I'm just posting this because I often have to refute this misconception.
Via World Mag Blog:
A new study by the Tax Foundation has found that "America's lowest-earning one-fifth of households received roughly $8.21 in government spending for each dollar of taxes paid in 2004. Households with middle-incomes received $1.30 per tax dollar, and America's highest-earning households received $0.41. Government spending targeted at the lowest-earning 60 percent of U.S. households is larger than what they paid in federal, state and local taxes."
But here's the kicker: In 2004, between $1.03 trillion and $1.53 trillion was redistributed downward from the two highest income quintiles to the three lowest income quintiles through government taxes and spending policy.
Of course, you're not hearing this from the media (quite the opposite, it seems).
And, while we're on the subject...
The benefits of low taxes are on full display in Iceland, which provides an almost perfect demonstration of the Laffer Curve. From 1991 to 2001, as the corporate-tax rate fell gradually to 18% from 45%, tax revenues tripled to 9.1 billion kronas ($134 million in today's exchange rate) from just above 3 billion kronas. Since 2001, revenues more than tripled again to an estimated 33 billion kronas last year.
Laffer predicted that lowering tax rates, until a certain point, would increase government tax income by stimulating the economy to produce more wealth overall.

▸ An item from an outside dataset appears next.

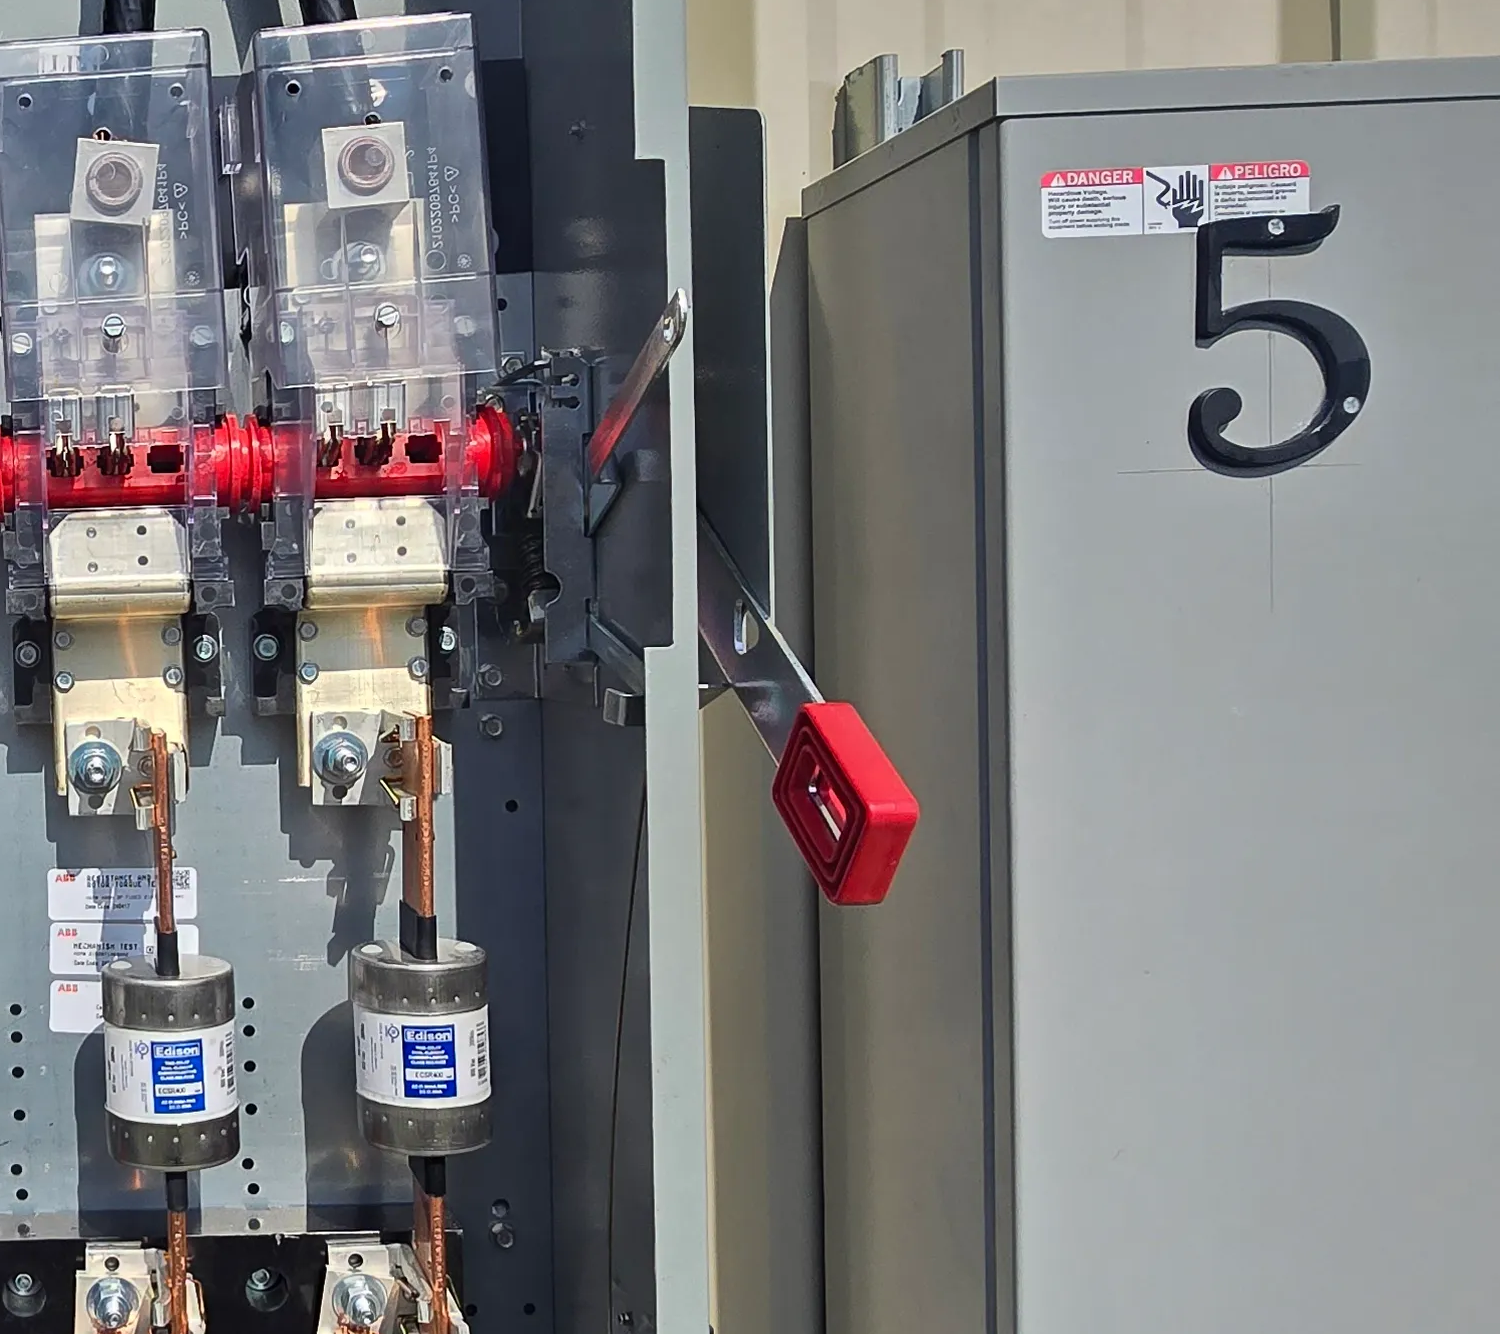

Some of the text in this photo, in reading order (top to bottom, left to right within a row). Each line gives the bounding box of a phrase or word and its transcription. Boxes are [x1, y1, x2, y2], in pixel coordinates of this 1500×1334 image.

It's a curve because obviously at some low point the government start to lose again -- since a 0% tax rate must result in zero tax income. (But we're nowhere near that point yet.) And obviously, at an actual 100% tax rate, everyone starves, so tax collected must ultimately become zero there also. So Laffer predicted, reasonably (but also surprisingly, given the common wisdom) that a curve must connect the two ends.